Evolutionary variation in MADS-box dimerization affects floral development and protein degradation dynamics

The B-class MADS-box transcription factors STERILE TASSEL SILKY EAR1 (STS1) and SILKY1 (SI1) specify floral organ identity in the grass Zea mays (maize). STS1 and SI1 bind DNA as obligate heterodimers. Obligate heterodimerization between STS1 and SI1 homologs, although common in flowering plants, arose very recently in the grass family. This recent emergence of obligate heterodimerization from STS1 homodimerization provided an opportunity to test the consequences of evolutionary shifts in MADS-box protein-protein interactions. We tested the ability of evolutionary variation in STS1 dimerization to impact floral development, downstream gene regulation, and protein complex formation in maize. We found that STS1 hetero- vs. homodimerization had subtle effects on protein localization and stamen development. In contrast, differential STS1 dimerization resulted in large- scale changes to gene expression and protein complex composition.

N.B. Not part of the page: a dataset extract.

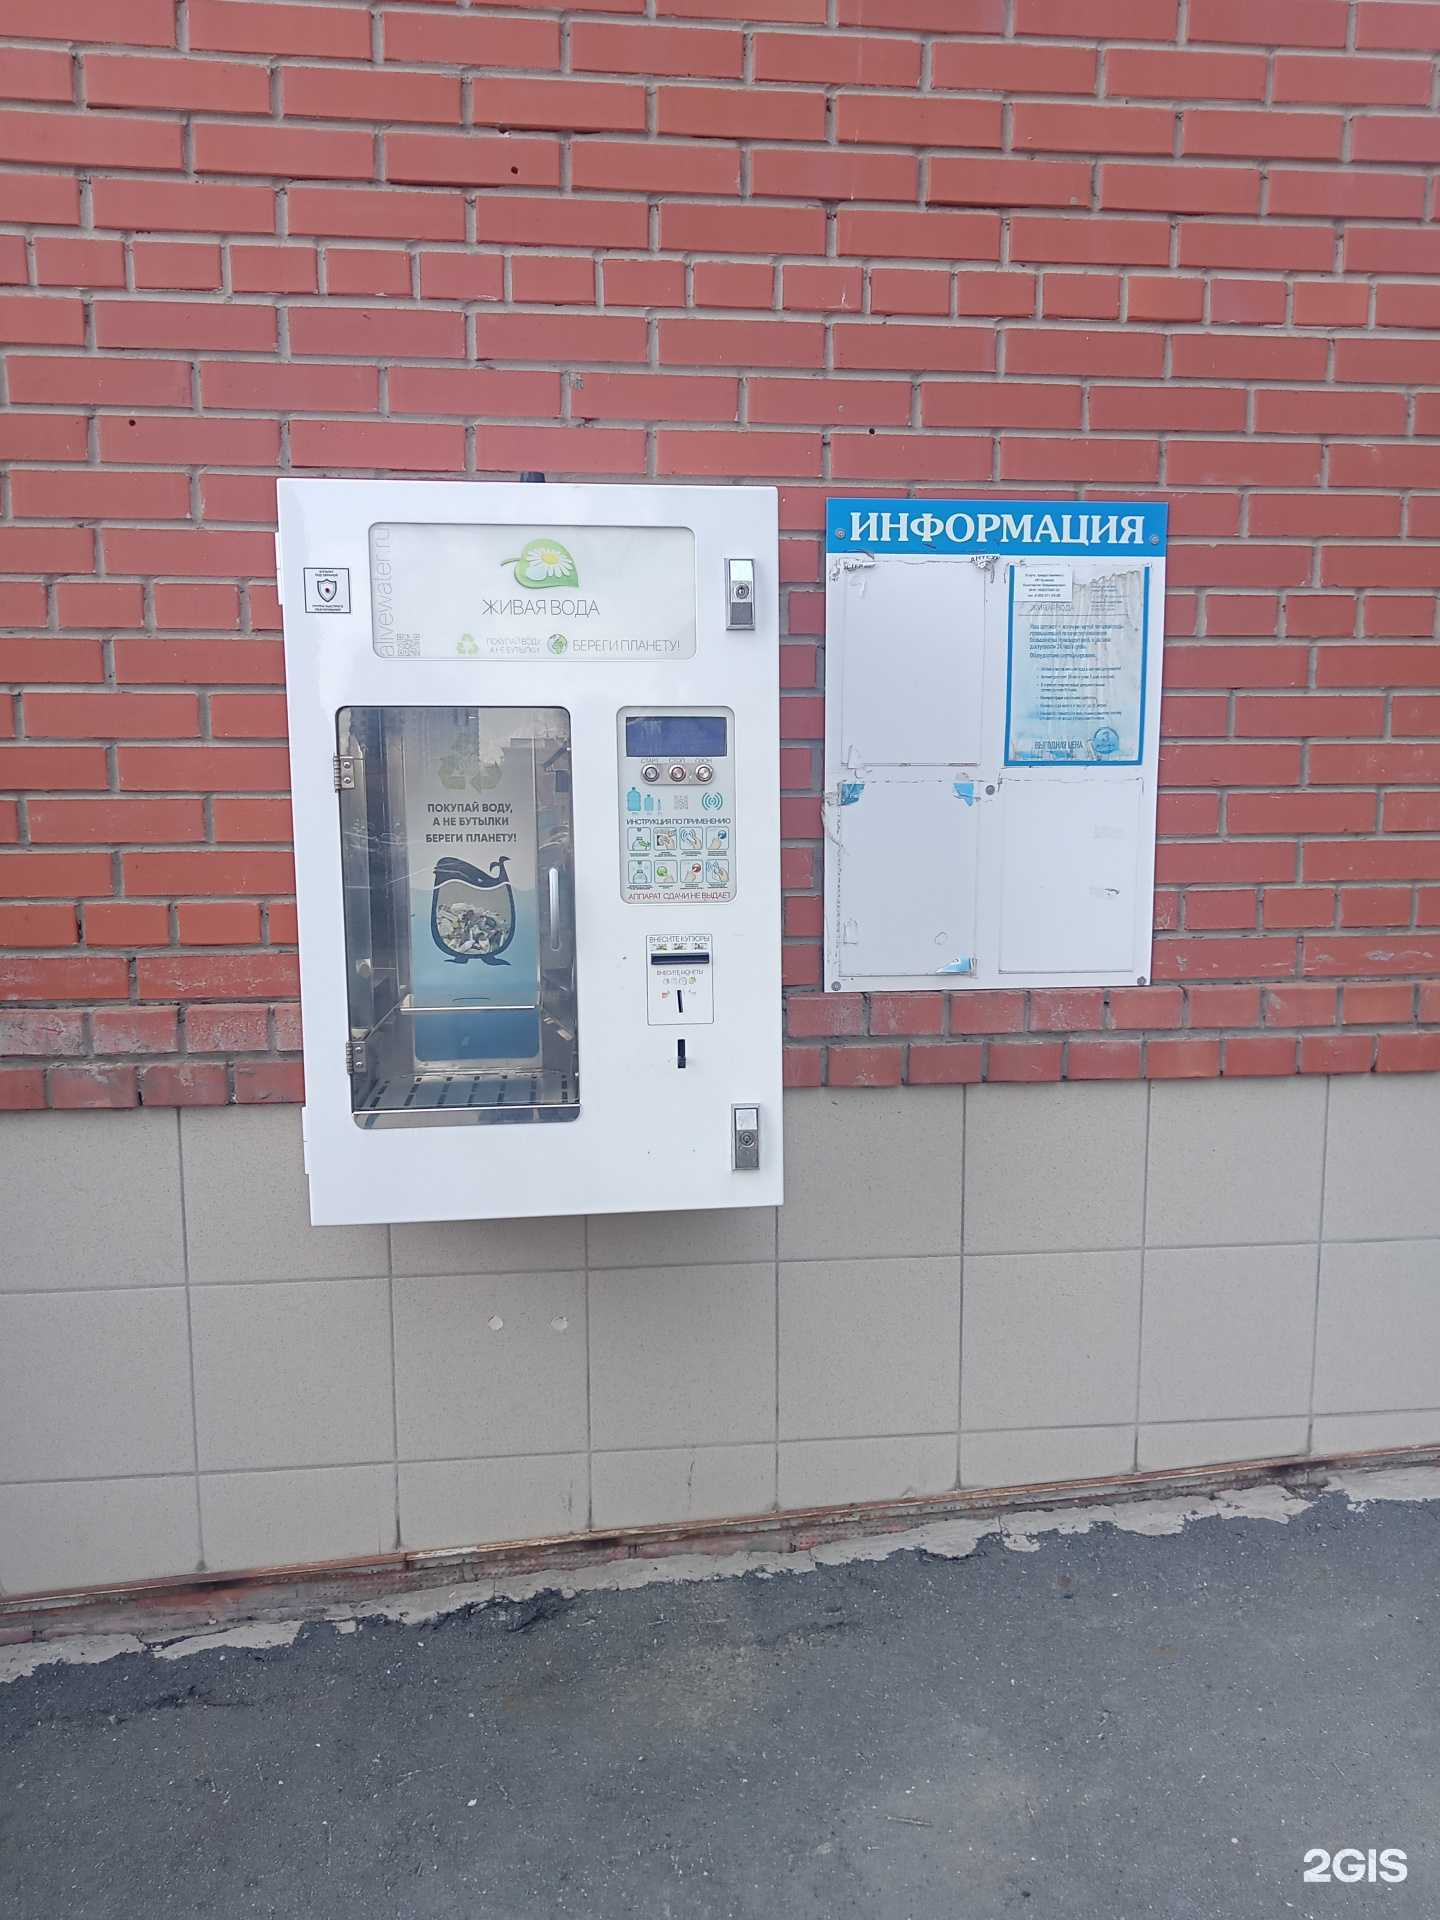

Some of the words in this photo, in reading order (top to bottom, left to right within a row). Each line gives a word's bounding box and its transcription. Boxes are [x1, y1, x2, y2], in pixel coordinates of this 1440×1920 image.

We identified kinases and proteins involved in ubiquitylation as candidate interactors with MADS-box proteins, and found that STS1 was phosphorylated, and in a complex with ubiquitylated proteins. In addition, we found that STS1 homodimers were more abundant than STS1-SI1 heterodimers, independent of RNA levels. Thus, differential dimerization can affect both protein degradation dynamics and combinatorial assembly of MADS-box protein complexes. Our results highlight the robustness of floral development to some molecular change, which may contribute to the evolvability of floral form.